Speaking of visuals, Signifier feels very much like a unity project. The graphics look fine but all have a certain unnatural glossiness to them. Writing on paper can be read without a zoom or subtitles which helps add another little layer of immersion. Unfortunately, the issue with this style of graphics and world-building is everything tends to feel rather static. Bedsheets may be held at an odd angle, window blinds may not fully do their job. They exist but aren’t reactive. This can be looked past given the psychological angle of Signifier but worth mentioning to someone with a little less tolerance. Luckily, if you can stomach this, you get a great atmosphere and lots of intelligent design.
How might the subjective and objective interpretation of one’s desires play out? Should you be scared of what it is they are scared of? These are questions I asked myself for a longer time than it took me to finish the few hours of gameplay it offers.
After thoroughly reading over the case at the lab, I decided to make my way over to the victim’s house, analysing all the clues like a dirty dinner plate, a broken mirror and a mess of blood, vomit, and sleeping pills. Yeah, it gets much nastier. After getting an understanding of the house, I went back to the lab to analyse it, along with a disc that contains some of the victim’s memory.
I think it’s important to tackle the two main realms in which Signifier functions. The first is objective memory. This includes specific sights and clues that the victim could see. This might include the time of day, state of the kitchen and a multitude of other things. This what grounds you. If she sees a person here, they were really there. If she heard a whistle, she really did hear it. This filters out all levels of subjectivity from an environment to make something stable and factual. This is where you will likely be most comfortable, in the realms of reality, or what the victim can make out of reality. It is the most functional of the two, but also the loneliest, the most sterile, most incomplete.
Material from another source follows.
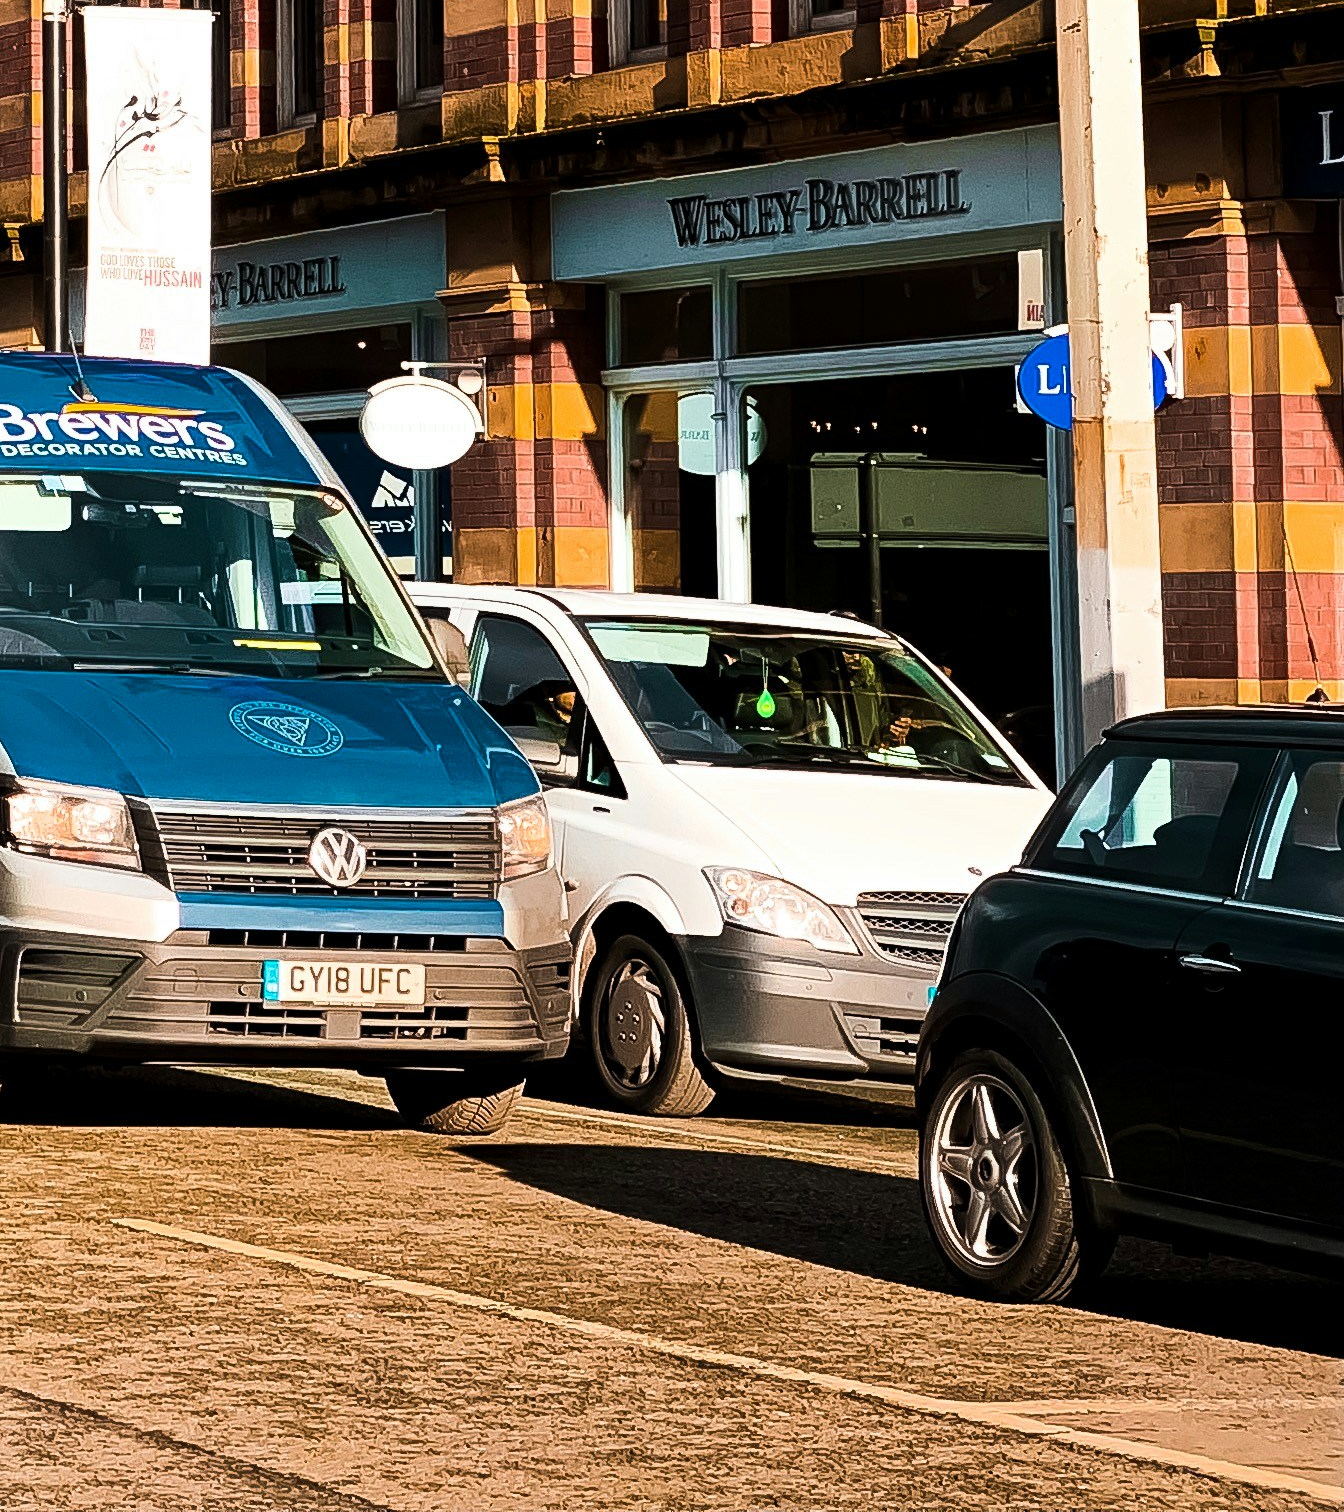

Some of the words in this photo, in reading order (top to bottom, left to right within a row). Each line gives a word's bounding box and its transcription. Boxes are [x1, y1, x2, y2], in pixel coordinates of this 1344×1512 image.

Subjectivity is important to an understanding of the world and Signifier plays with this well. By holding down Q, you can activate the subjective state of an environment to piece together a full story. Maybe the victim believed something was there when there was not. Why would she think that if it wasn’t important? You start to psychoanalyse the victim without ever meeting her. You can explore around the same environment piecing together inconsistencies to make a full story. Due to the nature of the machine you are using to simulate the environment, it can make mistakes and subjectivity is so hard to comprehend. Occasionally, you might find glitches or items that must be put into place and swapping between states to figure that out is an interesting way of tackling puzzles.
Unfortunately, not all puzzles are equal. Some, like in the kitchen or with the aforementioned hand spider thing are interesting and rather fulfilling, where others just require you look at the right thing. This isn’t helped by some mediocre controls. Using the dialogue wheel in conversation is infuriating, as it is timed but not stable. Sometimes, the dialogue system would work fine where others it would flit around rapidly making you choose a random option. This is not confined to here and small glitches and breaks in immersion will pull you out of, what is otherwise, an enchanting game.
The controls and some general lack of polish let down Signifier’s story and atmosphere somewhat but it is still charming and thought-provoking enough to break through. It has some rather wonderful imagery like that of the victim’s parents and fears that it plays around with masterfully. How might the subjective and objective interpretation of one’s desires play out? Should you be scared of what it is they are scared of? These are questions I asked myself for a longer time than it took me to finish the few hours of gameplay it offers. Whilst those few hours were great, it could have done with more.
The Signifier is a sign of something great. Its story is intriguing and the way it conceptualises all its effort is wonderful. That being said, the general presentation lets it down somewhat and the short playtime left me wanting much more. I was not surprised to hear this was PlayMeStudio’s first effort but it’s a first outing better than most and, with a little more practice, I’m certain they can craft something I’m sure to remember for some time.
TechRaptor reviewed The Signifier on PC using a copy provided by the publisher.